Nokia shares remain under pressure as investors weigh the company's long-term AI ambitions against slowing legacy businesses, execution risks, and a lack of meaningful earnings acceleration.
Quick overview
- Nokia shares are under pressure as investors question the company's ability to deliver consistent earnings growth amid slowing legacy businesses and execution risks.
- The stock recently fell toward the €10 support level, with concerns about investor confidence and the inability to sustain price rebounds.
- Despite significant investments in AI and advanced technologies, investor sentiment remains cautious due to the long timeline for potential earnings contributions.
- Nokia's legacy operations continue to decline, impacting overall profitability and making it difficult for the company to capitalize on broader market recovery.
Nokia shares remain under pressure as investors weigh the company’s long-term AI ambitions against slowing legacy businesses, execution risks, and a lack of meaningful earnings acceleration.
Nokia Continues to Lag Despite Technology Investment
Shares of Nokia continue to underperform broader equity markets as investors increasingly question whether the company’s ambitious transformation strategy can generate the consistent earnings growth needed to justify higher valuations.
The stock fell toward the €10.10 region during the week, approaching its lowest level in nearly two months and placing the psychologically important €10 support level firmly in focus. Although buyers briefly pushed shares back above €11 during Thursday’s session, renewed selling pressure emerged before the end of the week, sending the stock back below that threshold.

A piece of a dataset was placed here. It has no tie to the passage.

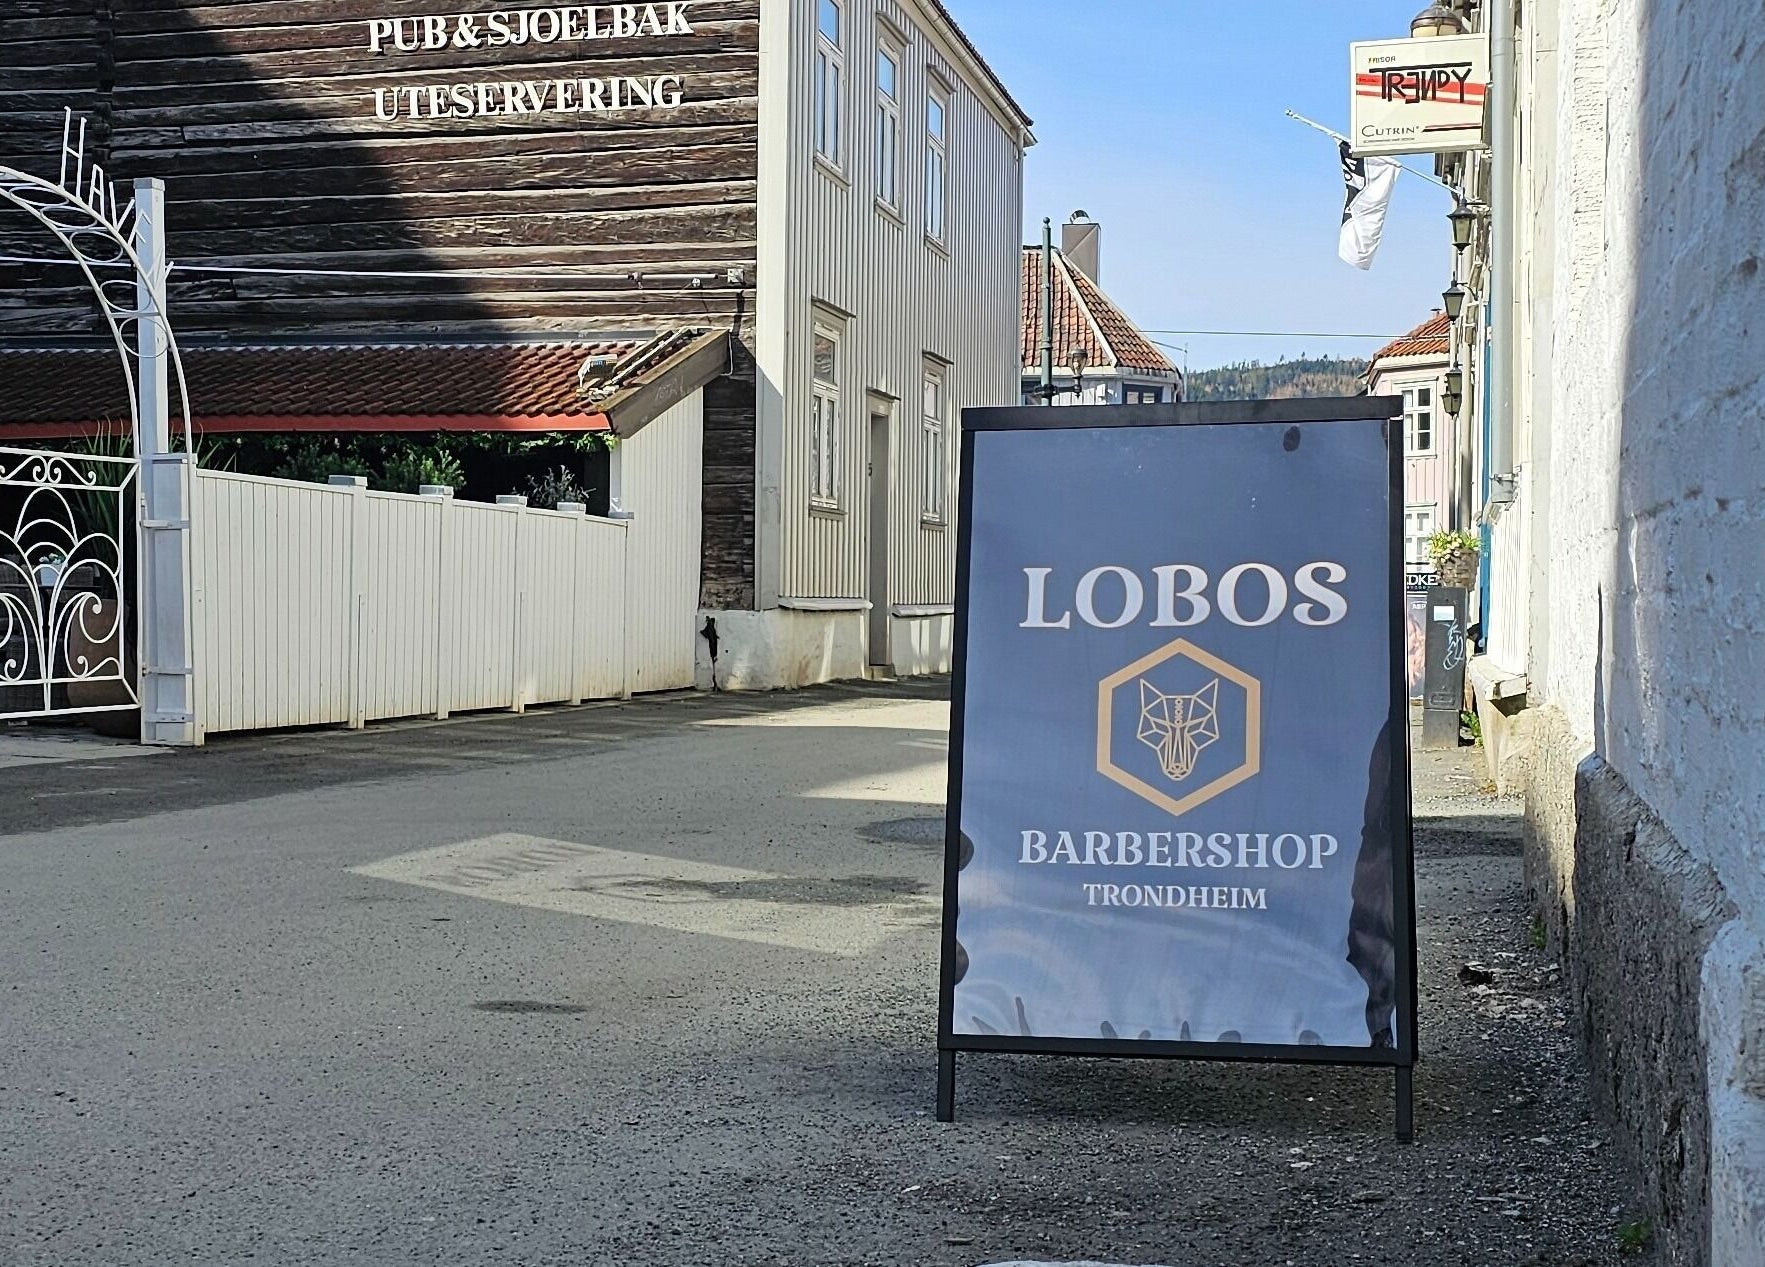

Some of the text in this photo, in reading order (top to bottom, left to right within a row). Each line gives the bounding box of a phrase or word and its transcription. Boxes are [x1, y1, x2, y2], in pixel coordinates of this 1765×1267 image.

[372, 75, 684, 121] UTESERVERING
[1019, 561, 1348, 630] LOBOS
[1018, 830, 1338, 869] BARBERSHOP
[1083, 883, 1268, 910] TRONDHEIM

The inability to sustain rebounds has reinforced concerns that investor confidence remains fragile.
Technical Support Faces a Critical Test
For technical traders, the €10 level represents a significant support zone that could determine the stock’s medium-term direction.
A successful defense of this level could encourage bargain hunting and potentially trigger a recovery toward previous resistance areas. However, a decisive break lower would likely reinforce the existing bearish trend and could invite additional momentum-driven selling.
After previously rallying toward €15 earlier this year, Nokia’s reversal highlights how quickly sentiment has deteriorated as investors shifted their attention away from long-term promises and toward near-term earnings delivery.
Given the stock’s recent trading pattern, caution remains warranted until a clearer trend emerges.
Treasury Share Distribution Keeps Share Count Stable
Nokia recently distributed approximately 43.55 million treasury shares to employees as part of its long-term equity incentive programs.
Based on recent market prices, the allocation carried a value of roughly €485 million. Because the shares were already held in treasury rather than newly issued, the transaction did not increase the overall share count or dilute existing shareholders.
While the move aligns employee incentives with shareholder interests, it had little impact on investor sentiment, with markets remaining focused on earnings prospects and operational performance.
AI Transformation Still Lacks Financial Proof
Artificial intelligence remains central to Nokia’s long-term strategy.
The company continues investing heavily in AI-enabled telecommunications infrastructure, including its partnership with NVIDIA aimed at integrating advanced processors into future 5G and 6G network architectures.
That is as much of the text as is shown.